# TASK DIRECTIONS
Take the line containing "Some of the text" and all lines after it to the end of the records, and output them exactly.

----- PROVIDED MATERIAL -----

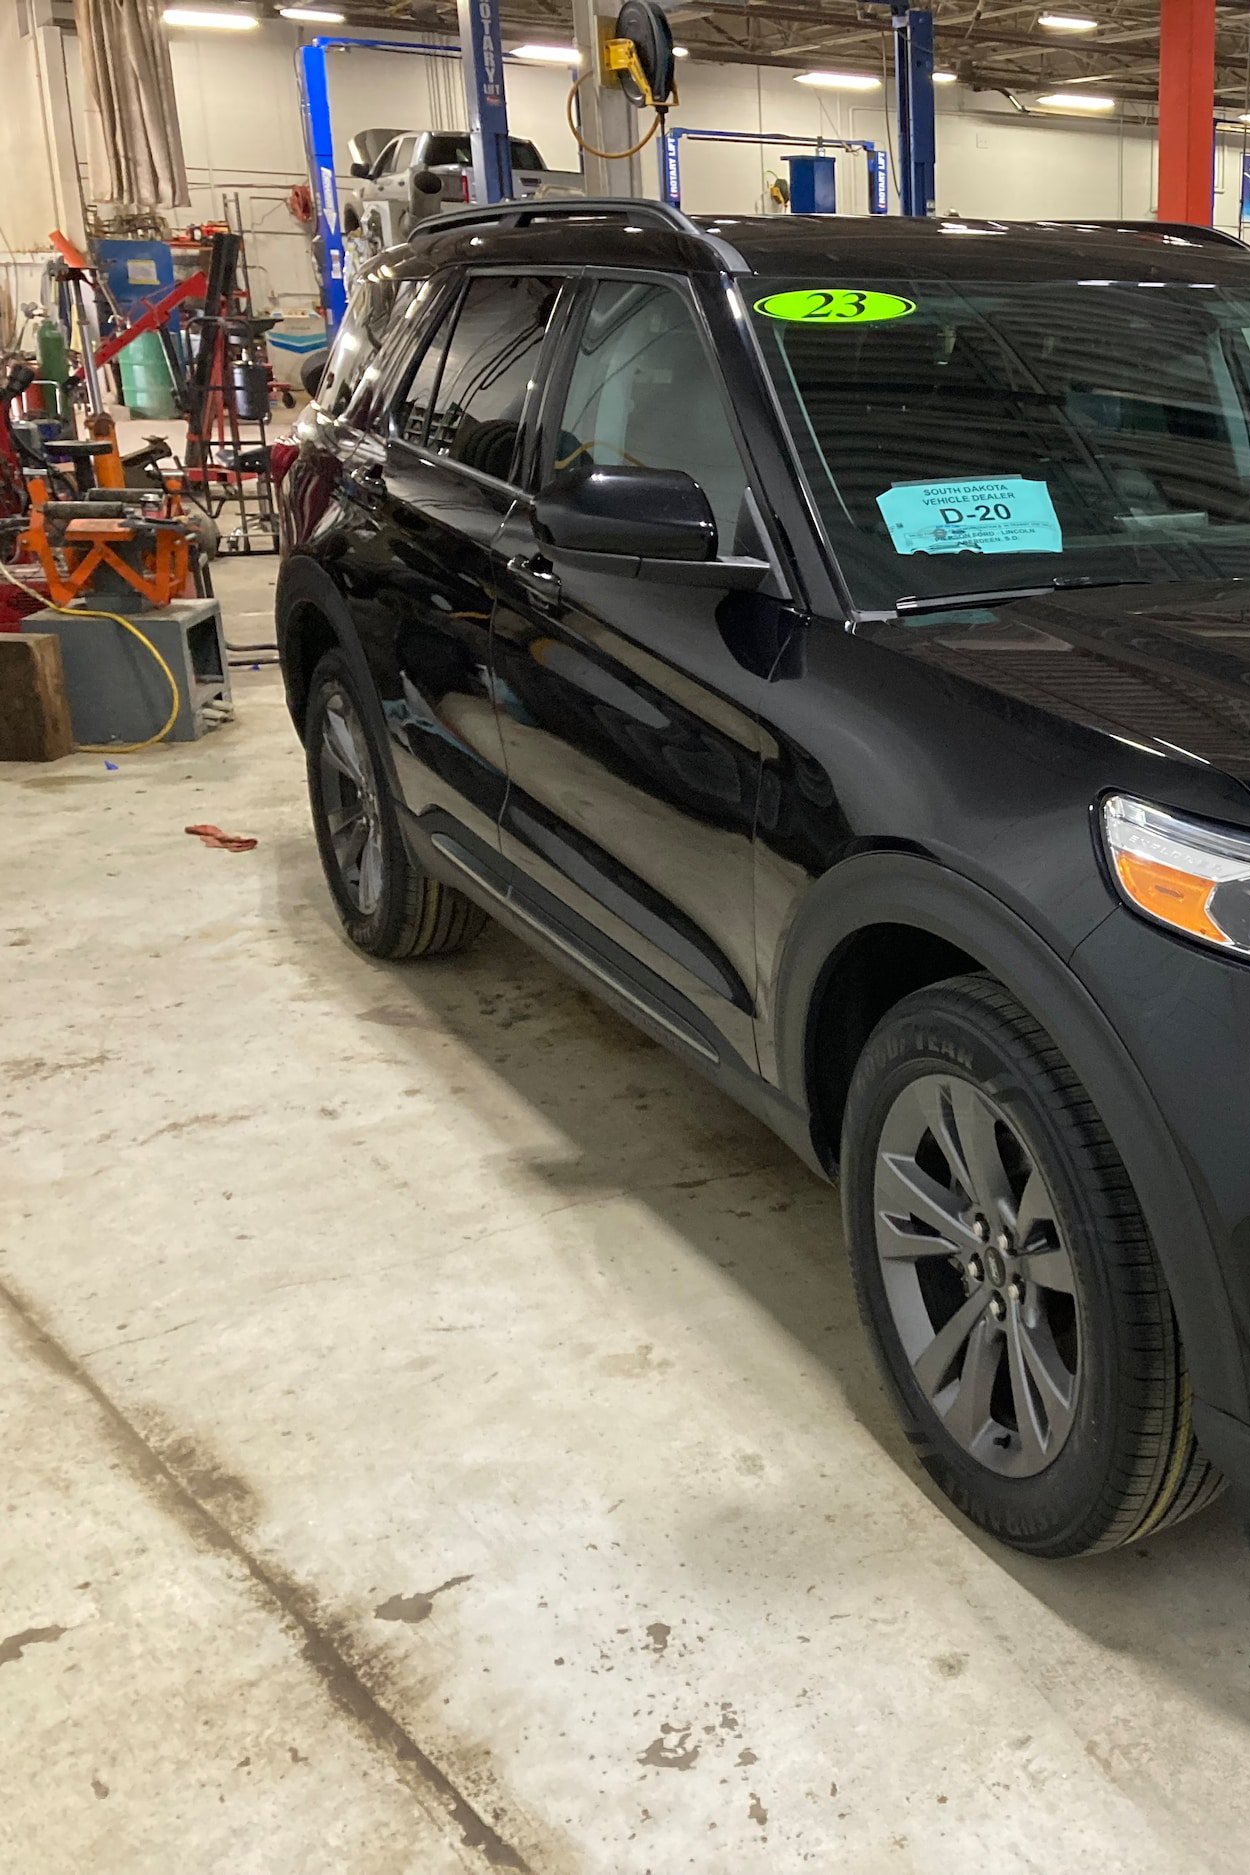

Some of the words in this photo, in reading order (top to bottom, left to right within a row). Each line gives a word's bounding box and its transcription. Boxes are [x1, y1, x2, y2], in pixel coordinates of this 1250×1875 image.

[479, 0, 495, 83] OTARY
[667, 137, 676, 157] LIFT
[668, 159, 678, 193] ROTARY
[878, 171, 886, 204] ROTARY
[801, 292, 867, 318] 23
[922, 496, 970, 507] VEHICLE
[971, 491, 1016, 502] DEALER
[923, 487, 962, 497] SOUTH
[964, 483, 1009, 493] DAKOTA
[939, 503, 1012, 525] D-20
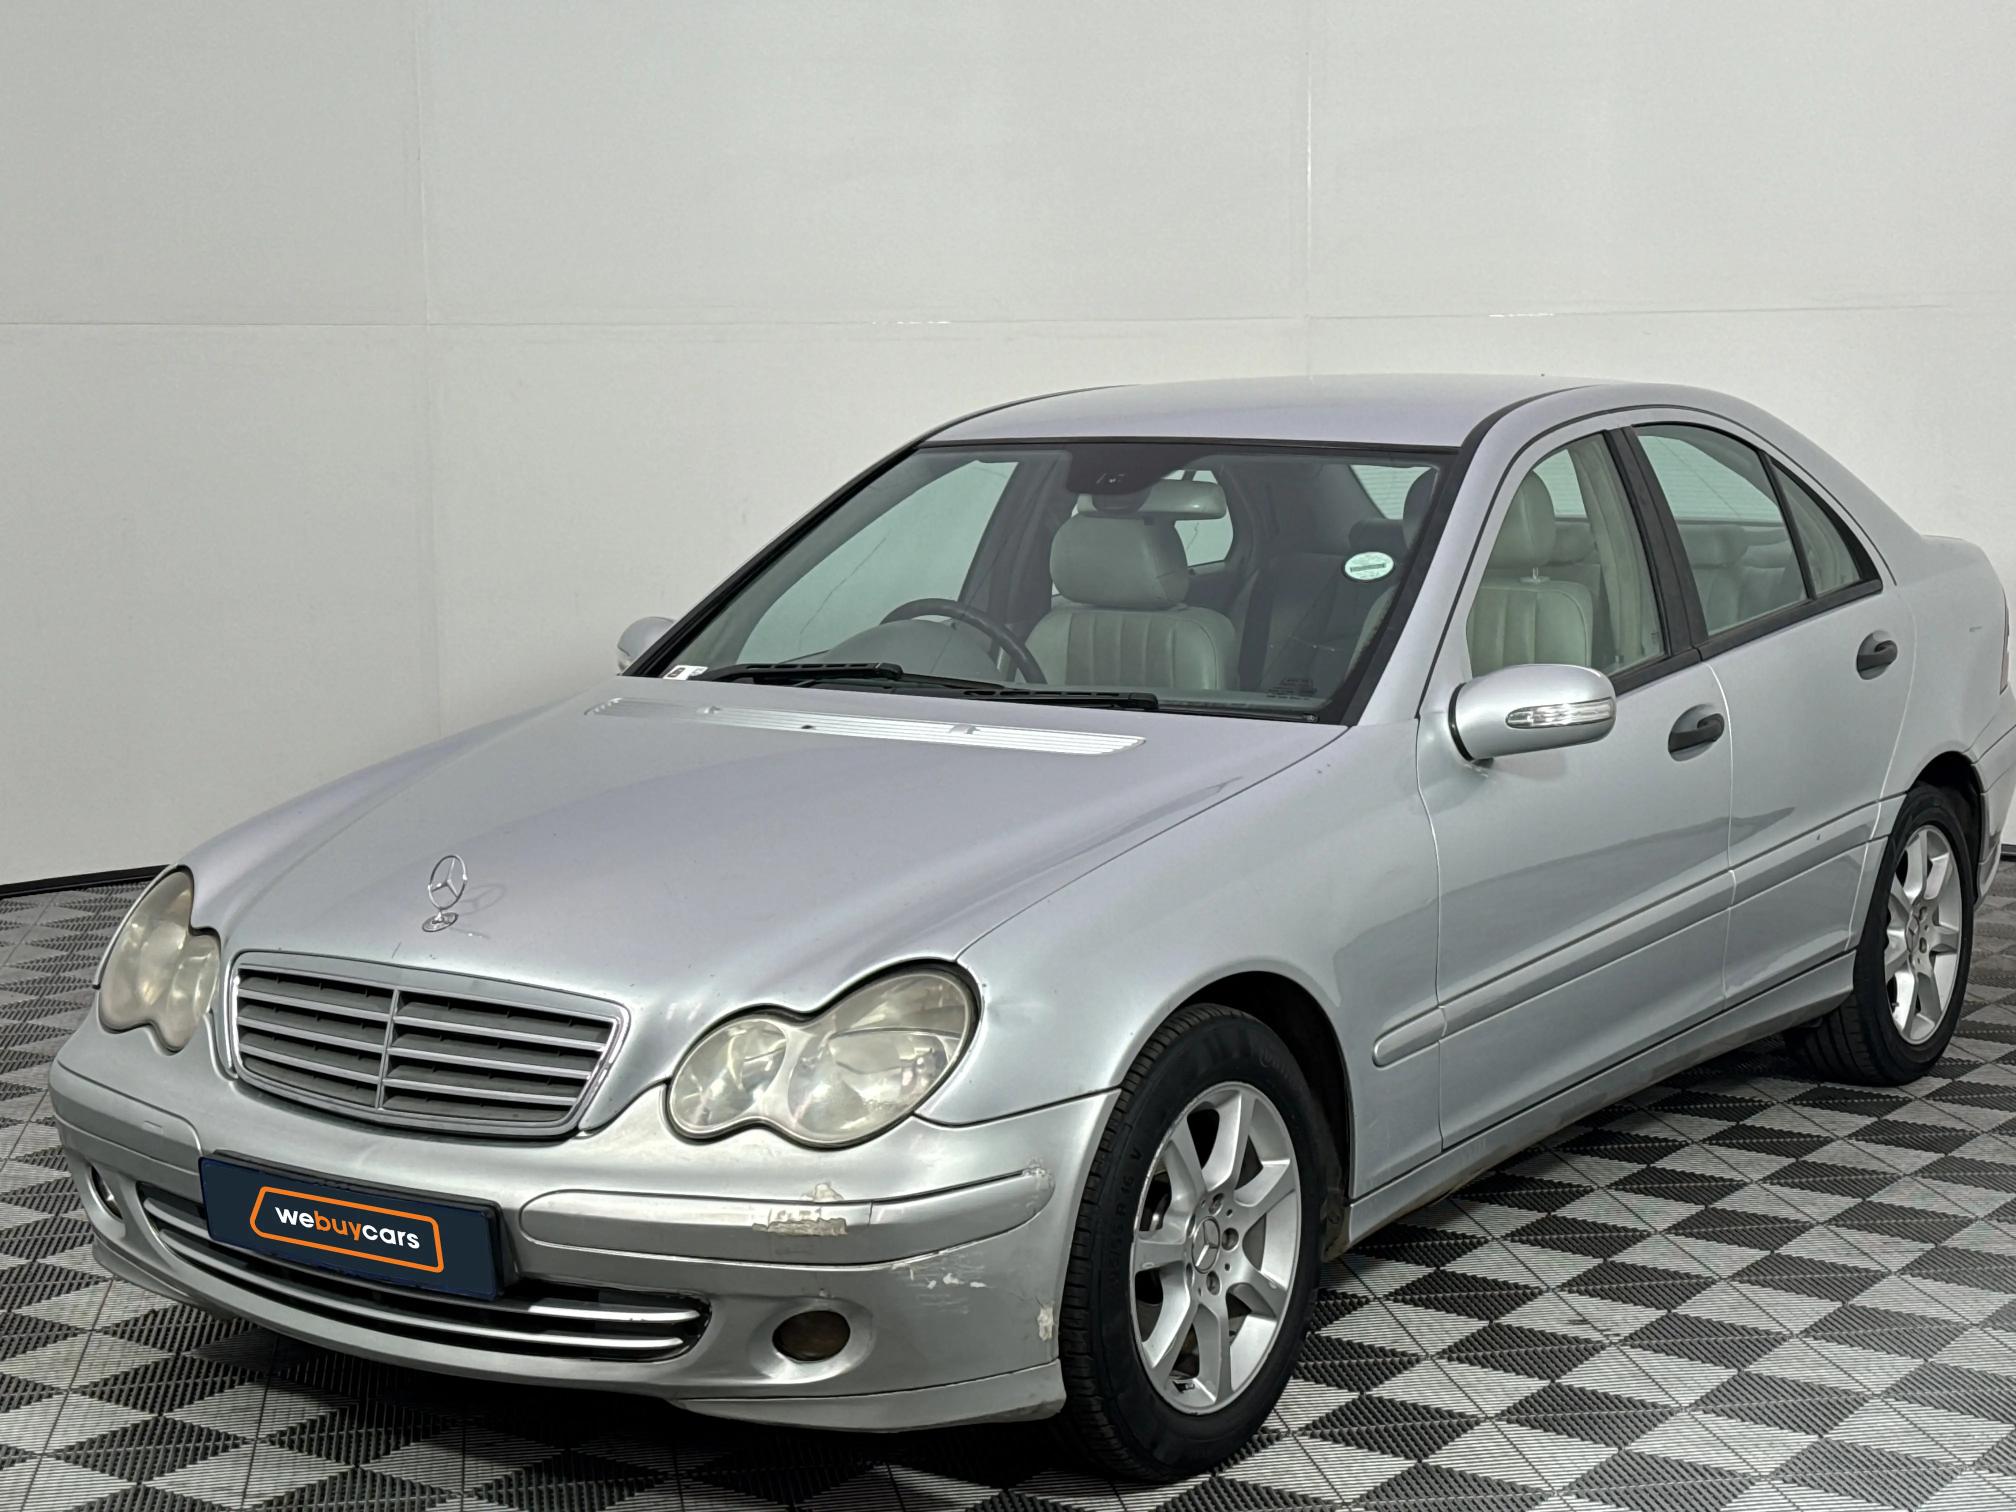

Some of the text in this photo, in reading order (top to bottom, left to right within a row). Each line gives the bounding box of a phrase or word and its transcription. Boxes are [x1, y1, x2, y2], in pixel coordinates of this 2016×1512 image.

[1120, 1175, 1135, 1195] 16
[1116, 1204, 1127, 1217] R
[275, 1206, 420, 1249] webuycars

-----

# RESULT BELOW
Some of the text in this photo, in reading order (top to bottom, left to right within a row). Each line gives the bounding box of a phrase or word and its transcription. Boxes are [x1, y1, x2, y2], in pixel coordinates of this 2016×1512 image.

[1120, 1175, 1135, 1195] 16
[1116, 1204, 1127, 1217] R
[275, 1206, 420, 1249] webuycars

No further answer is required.